*Provided information*
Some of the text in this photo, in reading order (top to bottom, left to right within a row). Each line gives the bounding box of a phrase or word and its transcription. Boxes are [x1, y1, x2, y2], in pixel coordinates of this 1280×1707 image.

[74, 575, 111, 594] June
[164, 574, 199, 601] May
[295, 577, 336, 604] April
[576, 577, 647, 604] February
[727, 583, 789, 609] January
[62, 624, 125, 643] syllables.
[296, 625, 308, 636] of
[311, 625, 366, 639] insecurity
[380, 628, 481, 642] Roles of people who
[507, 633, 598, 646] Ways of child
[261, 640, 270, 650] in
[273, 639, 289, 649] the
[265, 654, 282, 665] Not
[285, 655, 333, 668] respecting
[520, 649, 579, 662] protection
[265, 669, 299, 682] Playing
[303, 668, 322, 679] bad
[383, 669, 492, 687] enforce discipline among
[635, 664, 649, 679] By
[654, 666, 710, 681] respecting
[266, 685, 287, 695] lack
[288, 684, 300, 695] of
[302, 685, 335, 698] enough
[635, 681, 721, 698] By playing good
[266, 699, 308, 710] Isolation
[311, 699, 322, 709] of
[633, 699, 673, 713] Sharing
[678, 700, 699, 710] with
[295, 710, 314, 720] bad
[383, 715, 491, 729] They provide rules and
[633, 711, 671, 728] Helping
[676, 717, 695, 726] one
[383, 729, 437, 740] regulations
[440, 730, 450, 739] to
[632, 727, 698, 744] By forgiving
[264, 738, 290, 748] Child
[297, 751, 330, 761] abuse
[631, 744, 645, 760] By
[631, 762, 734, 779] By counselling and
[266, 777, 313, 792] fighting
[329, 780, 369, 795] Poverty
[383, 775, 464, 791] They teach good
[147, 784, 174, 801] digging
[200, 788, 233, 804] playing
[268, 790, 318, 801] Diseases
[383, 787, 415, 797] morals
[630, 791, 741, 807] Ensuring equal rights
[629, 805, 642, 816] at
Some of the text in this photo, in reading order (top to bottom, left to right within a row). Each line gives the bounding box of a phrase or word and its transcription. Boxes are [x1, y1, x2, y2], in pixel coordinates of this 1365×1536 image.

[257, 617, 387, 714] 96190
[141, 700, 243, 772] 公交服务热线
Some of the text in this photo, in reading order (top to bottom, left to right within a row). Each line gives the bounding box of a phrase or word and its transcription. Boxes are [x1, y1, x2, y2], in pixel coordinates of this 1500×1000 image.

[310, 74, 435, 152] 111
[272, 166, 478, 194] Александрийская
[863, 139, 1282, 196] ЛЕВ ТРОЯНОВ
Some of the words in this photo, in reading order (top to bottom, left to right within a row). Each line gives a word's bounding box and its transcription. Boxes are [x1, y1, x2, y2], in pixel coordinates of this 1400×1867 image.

*Exercise objective*
Your task is to output all of the data above word for word.

*Response to this task*
Some of the text in this photo, in reading order (top to bottom, left to right within a row). Each line gives the bounding box of a phrase or word and its transcription. Boxes are [x1, y1, x2, y2], in pixel coordinates of this 1280×1707 image.

[74, 575, 111, 594] June
[164, 574, 199, 601] May
[295, 577, 336, 604] April
[576, 577, 647, 604] February
[727, 583, 789, 609] January
[62, 624, 125, 643] syllables.
[296, 625, 308, 636] of
[311, 625, 366, 639] insecurity
[380, 628, 481, 642] Roles of people who
[507, 633, 598, 646] Ways of child
[261, 640, 270, 650] in
[273, 639, 289, 649] the
[265, 654, 282, 665] Not
[285, 655, 333, 668] respecting
[520, 649, 579, 662] protection
[265, 669, 299, 682] Playing
[303, 668, 322, 679] bad
[383, 669, 492, 687] enforce discipline among
[635, 664, 649, 679] By
[654, 666, 710, 681] respecting
[266, 685, 287, 695] lack
[288, 684, 300, 695] of
[302, 685, 335, 698] enough
[635, 681, 721, 698] By playing good
[266, 699, 308, 710] Isolation
[311, 699, 322, 709] of
[633, 699, 673, 713] Sharing
[678, 700, 699, 710] with
[295, 710, 314, 720] bad
[383, 715, 491, 729] They provide rules and
[633, 711, 671, 728] Helping
[676, 717, 695, 726] one
[383, 729, 437, 740] regulations
[440, 730, 450, 739] to
[632, 727, 698, 744] By forgiving
[264, 738, 290, 748] Child
[297, 751, 330, 761] abuse
[631, 744, 645, 760] By
[631, 762, 734, 779] By counselling and
[266, 777, 313, 792] fighting
[329, 780, 369, 795] Poverty
[383, 775, 464, 791] They teach good
[147, 784, 174, 801] digging
[200, 788, 233, 804] playing
[268, 790, 318, 801] Diseases
[383, 787, 415, 797] morals
[630, 791, 741, 807] Ensuring equal rights
[629, 805, 642, 816] at
Some of the text in this photo, in reading order (top to bottom, left to right within a row). Each line gives the bounding box of a phrase or word and its transcription. Boxes are [x1, y1, x2, y2], in pixel coordinates of this 1365×1536 image.

[257, 617, 387, 714] 96190
[141, 700, 243, 772] 公交服务热线
Some of the text in this photo, in reading order (top to bottom, left to right within a row). Each line gives the bounding box of a phrase or word and its transcription. Boxes are [x1, y1, x2, y2], in pixel coordinates of this 1500×1000 image.

[310, 74, 435, 152] 111
[272, 166, 478, 194] Александрийская
[863, 139, 1282, 196] ЛЕВ ТРОЯНОВ
Some of the words in this photo, in reading order (top to bottom, left to right within a row). Each line gives a word's bounding box and its transcription. Boxes are [x1, y1, x2, y2], in pixel coordinates of this 1400×1867 image.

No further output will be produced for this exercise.